Hyderabad, Jul 13: Family members of Telugu poet and writer Varavara Rao, who is currently lodged in Navi Mumbai's Taloja jail in the Bhima Koregaon case, on Sunday appealed to the government for his immediate release in view of his deteriorating health.

Rao's wife P. Hemalatha and their three daughters urged the government to save his life by shifting him to a hospital or allow them to provide him with immediate medical care.

We want to remind the government that it has no right to deny the right to life of any person, much less an undertrial prisoner," they said.

His family members said they were very much worried about his deteriorating health. They said his health condition had been scary for over six weeks, ever since he was shifted in an unconscious state to JJ Hospital on May 28.

"Even as he was discharged from the hospital and sent back to jail three days later, there has been no improvement in his health and he is still in need of emergency healthcare," Hemalatha said.

"The immediate cause of concern now is that we are very much perturbed at the routine phone call we received from him on Saturday evening. Though the earlier two calls on June 24 and July 2 were also worrying with his weak and muffled voice, incoherent speech and abruptly jumping into Hindi. But the latest call, on July 11 is much more worrisome as he did not answer straight questions on his health and went into a kind of delirious and hallucinated talk about the funeral of his father and mother, the events that happened seven decades and four decades ago respectively," Rao's wife said.

She said her husband's co-accused companion took the phone from him and informed her that he is not able to walk, go to the toilet and brush his teeth on his own.

"We were also told that he is always hallucinating that we, family members, were waiting at the jail gate to receive him as he was getting released. His co-prisoner also said he needs immediate medical care for not only physical but also neurological issues. The confusion, loss of memory and incoherence are the results of electrolyte imbalance and fall of Sodium and Potassium levels leading to brain damage. This electrolyte imbalance may be fatal also."

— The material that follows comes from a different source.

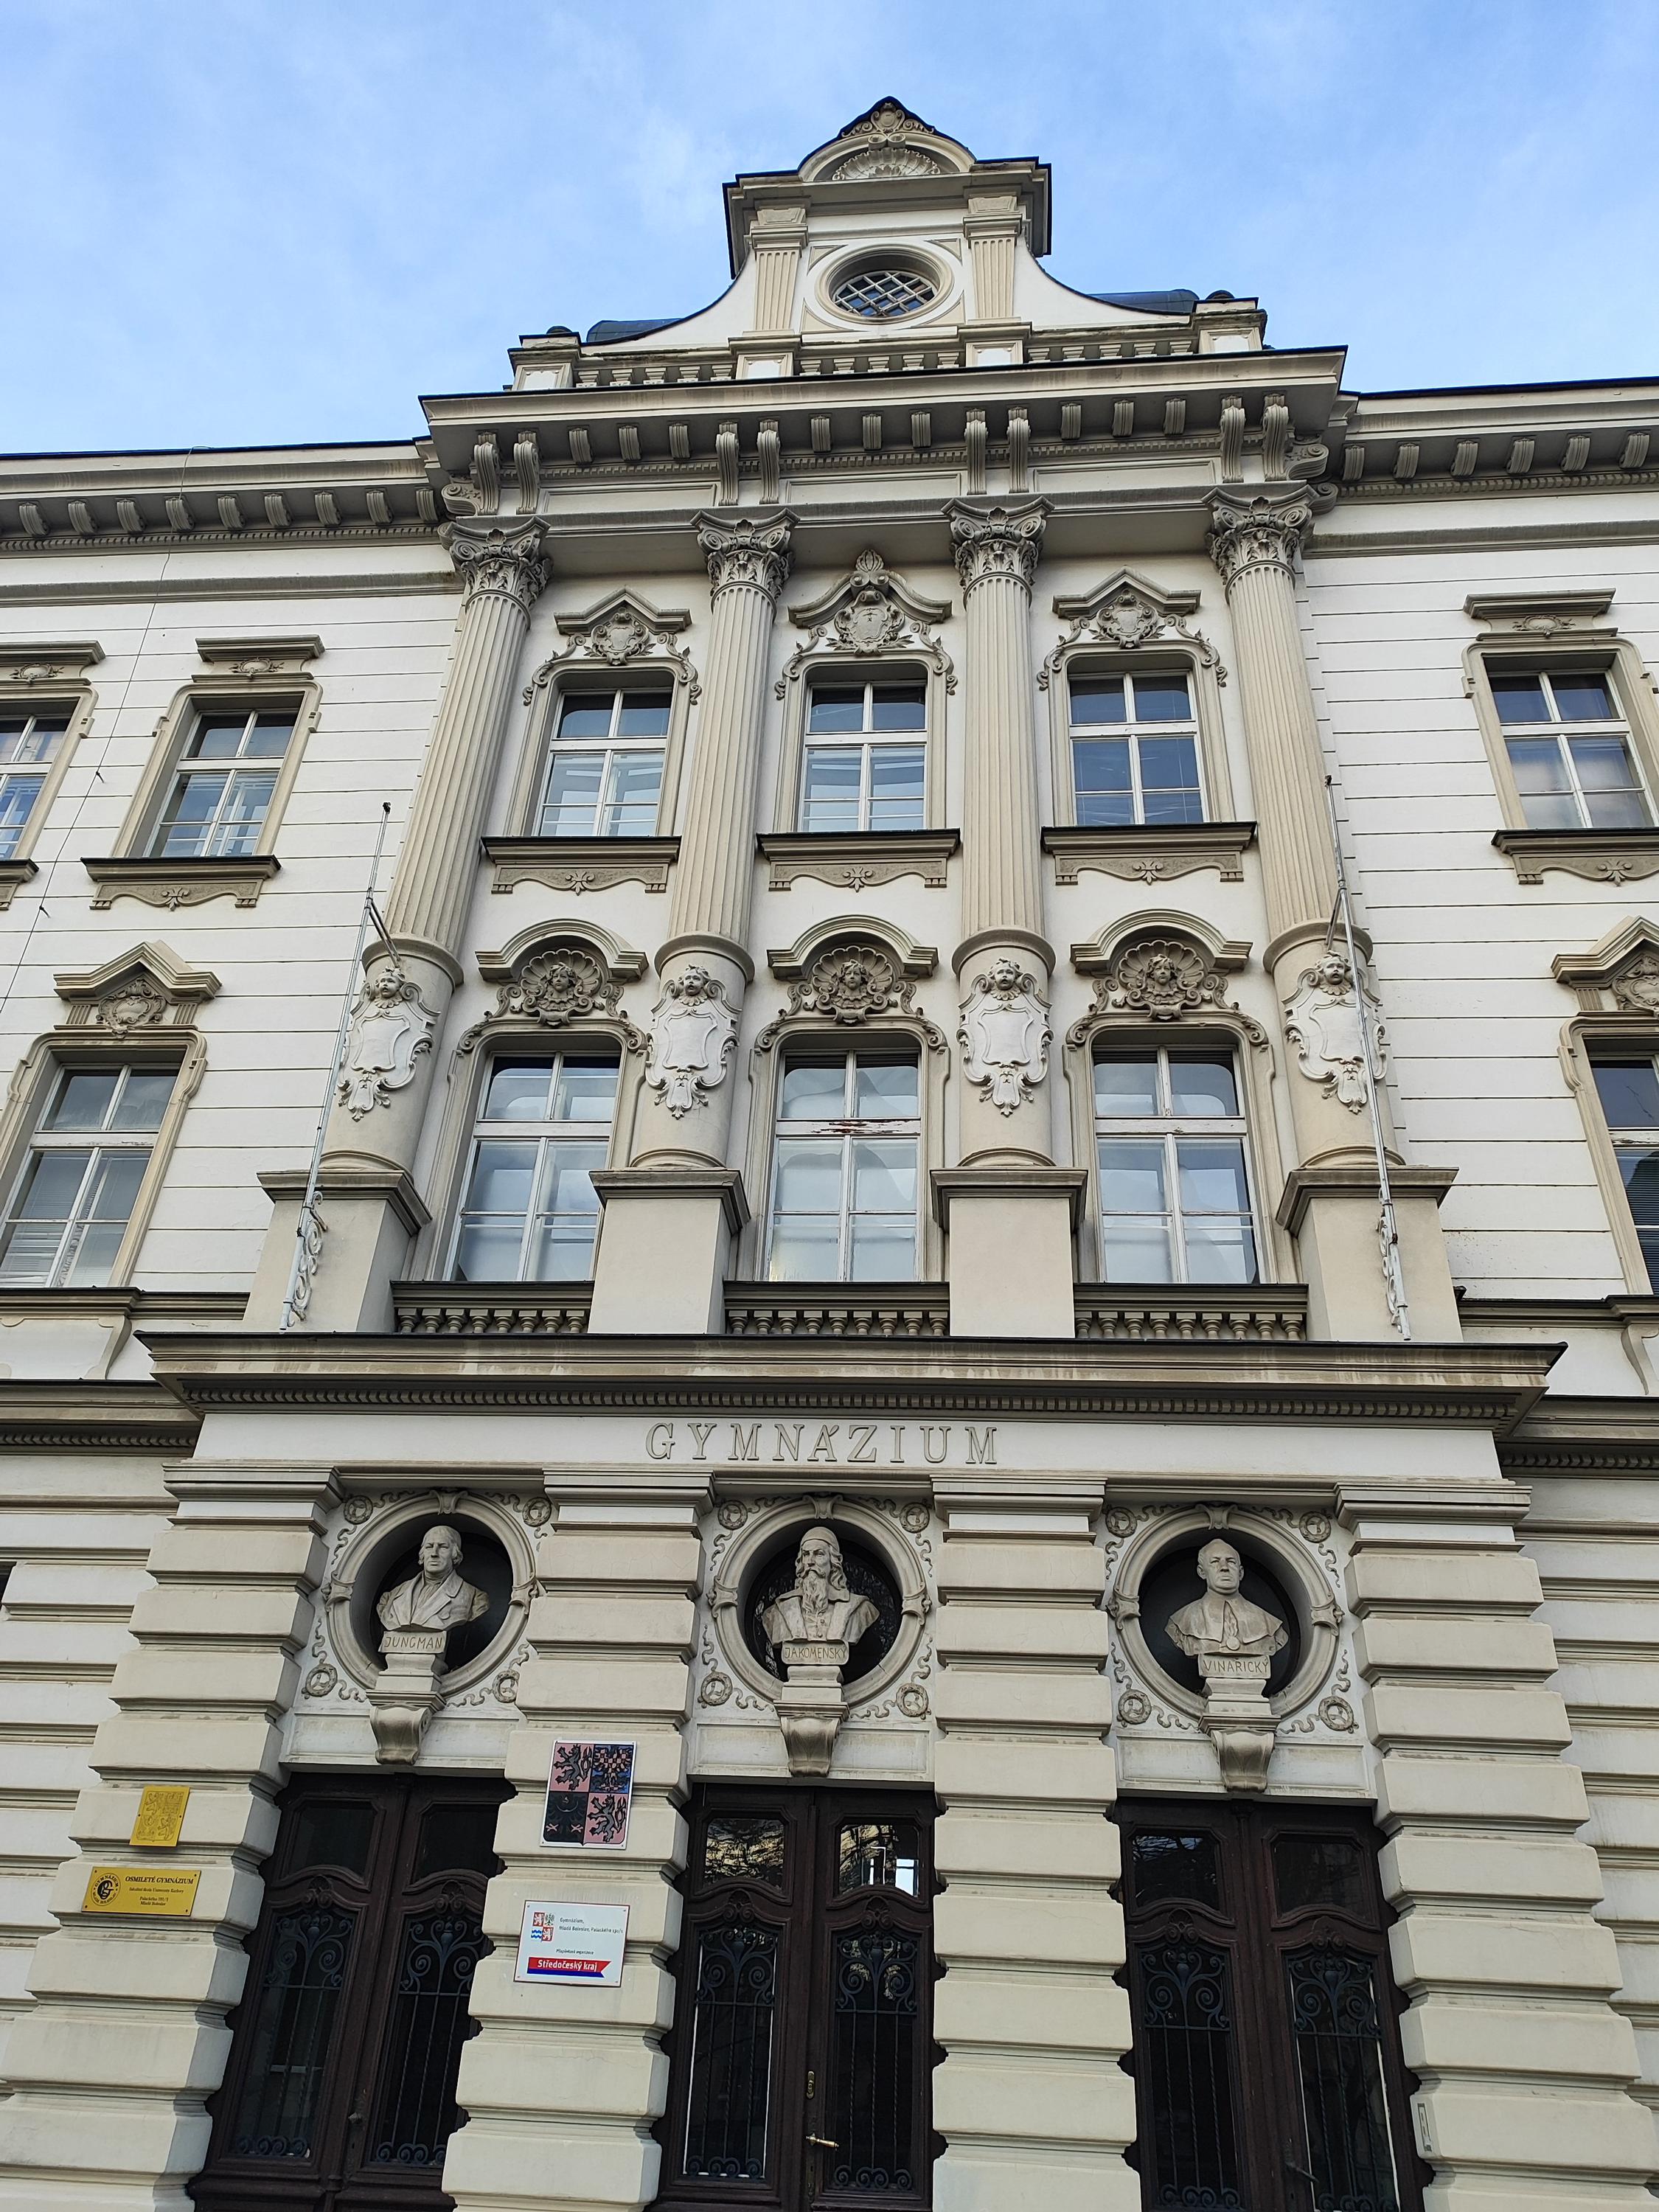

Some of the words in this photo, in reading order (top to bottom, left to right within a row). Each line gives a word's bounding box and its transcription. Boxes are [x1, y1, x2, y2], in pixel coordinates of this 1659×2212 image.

[645, 1422, 998, 1464] GYMNÁZIUM
[384, 1636, 443, 1649] JUNGMAN
[538, 1959, 582, 1971] Středočeský
[583, 1961, 597, 1972] kraj

Stating that Taloja Jail Hospital is not well equipped to handle this kind of serious ailment, they demanded that he be shifted to a fully equipped super specialty hospital to save his life and prevent possible brain damage and risk to life due to electrolyte imbalance.

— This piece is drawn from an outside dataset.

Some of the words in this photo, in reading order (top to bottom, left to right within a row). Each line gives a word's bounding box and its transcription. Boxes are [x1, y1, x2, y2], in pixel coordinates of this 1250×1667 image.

"At the present juncture we are leaving aside all the pertinent facts like, that the case against him is fabricated; he had to spend 22 months in jail as an undertrial with the process turned into punishment; his bail petitions got rejected at least five times now and even the bail petitions with his age, ill-health and COVID vulnerability as grounds were ignored. His life is the top most concern for us right now. Our present demand is to save his life," the family said.